### EXERCISE DESCRIPTION
Output each entry that follows exactly. Images stay out.

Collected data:

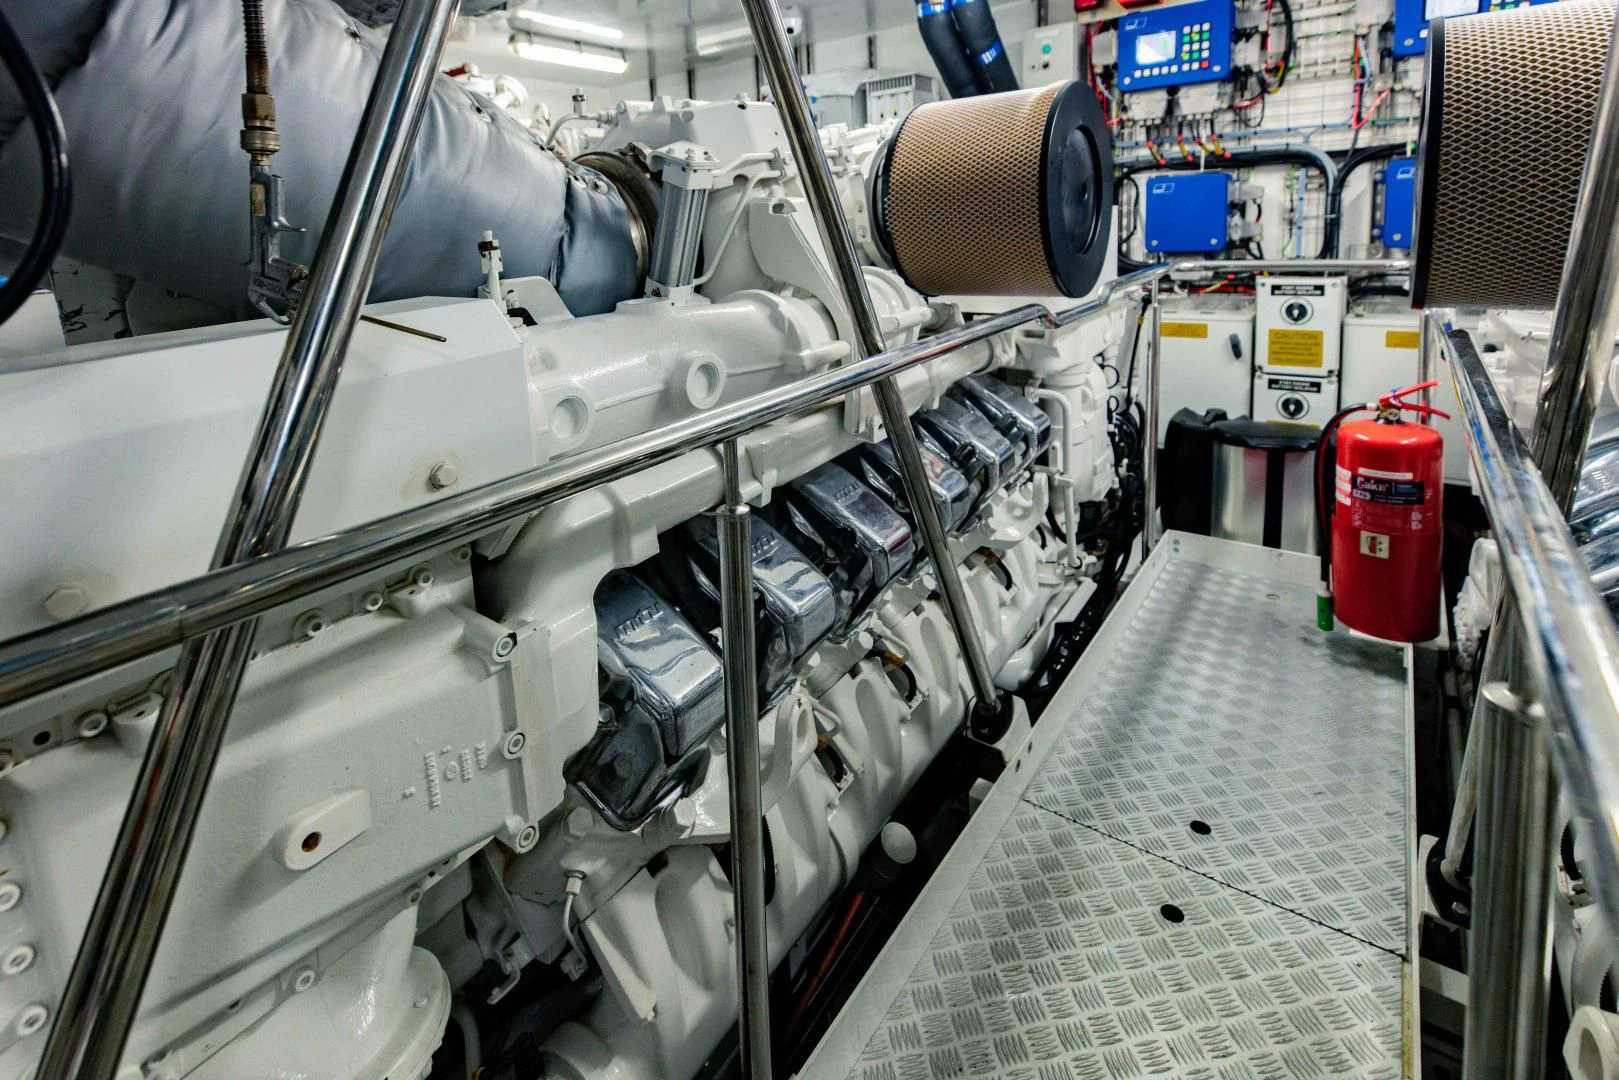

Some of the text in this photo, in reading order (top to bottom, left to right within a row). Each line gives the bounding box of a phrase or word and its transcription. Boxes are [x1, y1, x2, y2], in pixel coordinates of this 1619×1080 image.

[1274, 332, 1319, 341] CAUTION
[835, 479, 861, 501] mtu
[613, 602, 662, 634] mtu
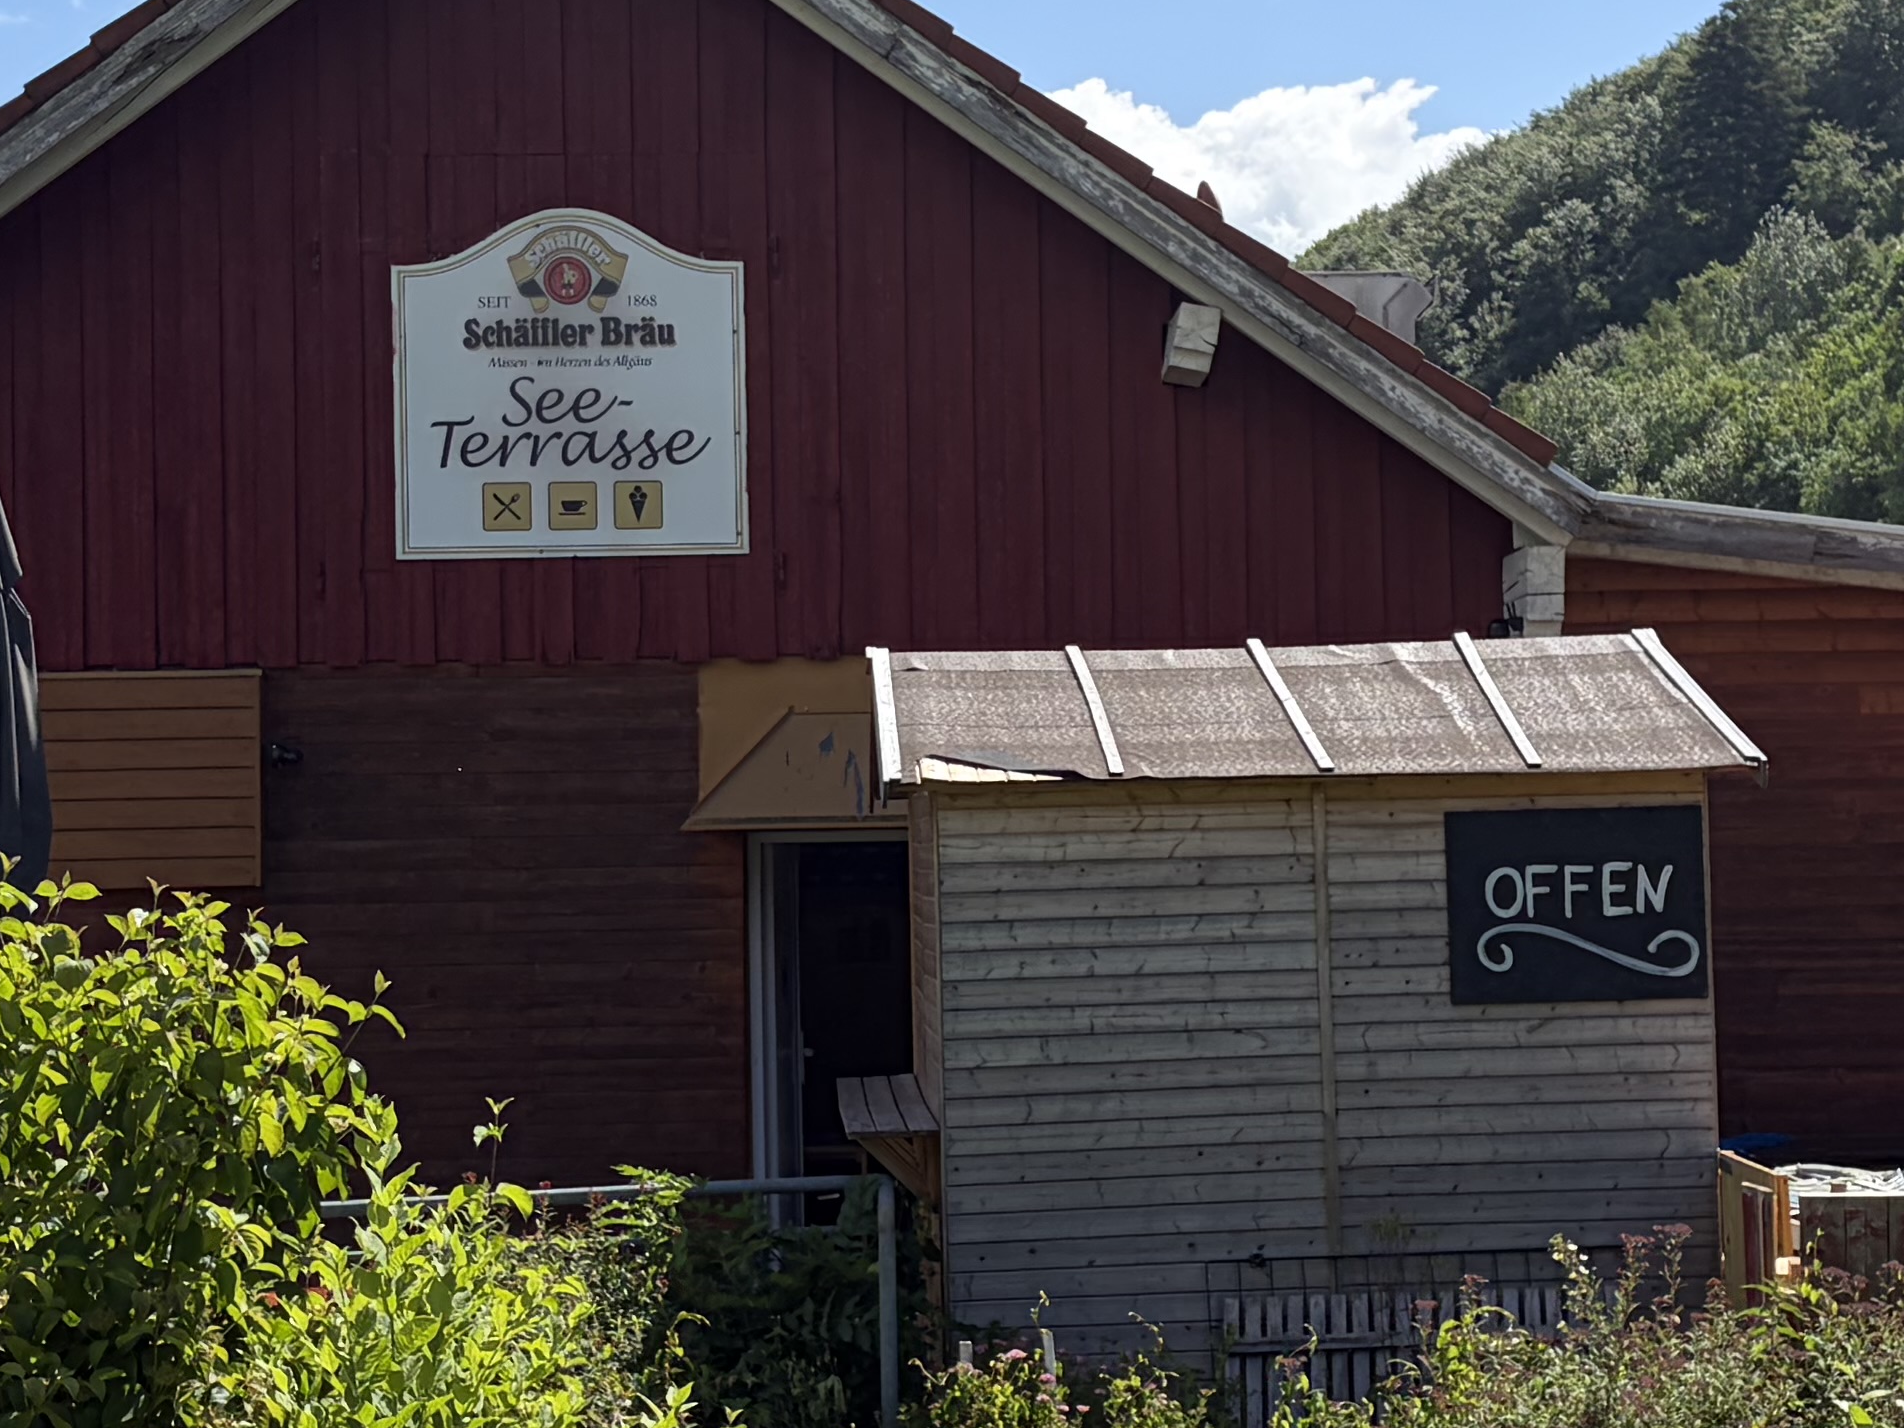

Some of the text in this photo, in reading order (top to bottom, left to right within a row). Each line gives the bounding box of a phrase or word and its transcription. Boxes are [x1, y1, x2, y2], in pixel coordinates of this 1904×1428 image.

### ANSWER FOR THE TASK
Some of the text in this photo, in reading order (top to bottom, left to right within a row). Each line gives the bounding box of a phrase or word and its transcription. Boxes are [x1, y1, x2, y2], in pixel coordinates of this 1619×1080 image.

[1274, 332, 1319, 341] CAUTION
[835, 479, 861, 501] mtu
[613, 602, 662, 634] mtu

Some of the text in this photo, in reading order (top to bottom, left to right within a row). Each line gives the bounding box of a phrase or word and its transcription. Boxes are [x1, y1, x2, y2], in pixel coordinates of this 1904×1428 image.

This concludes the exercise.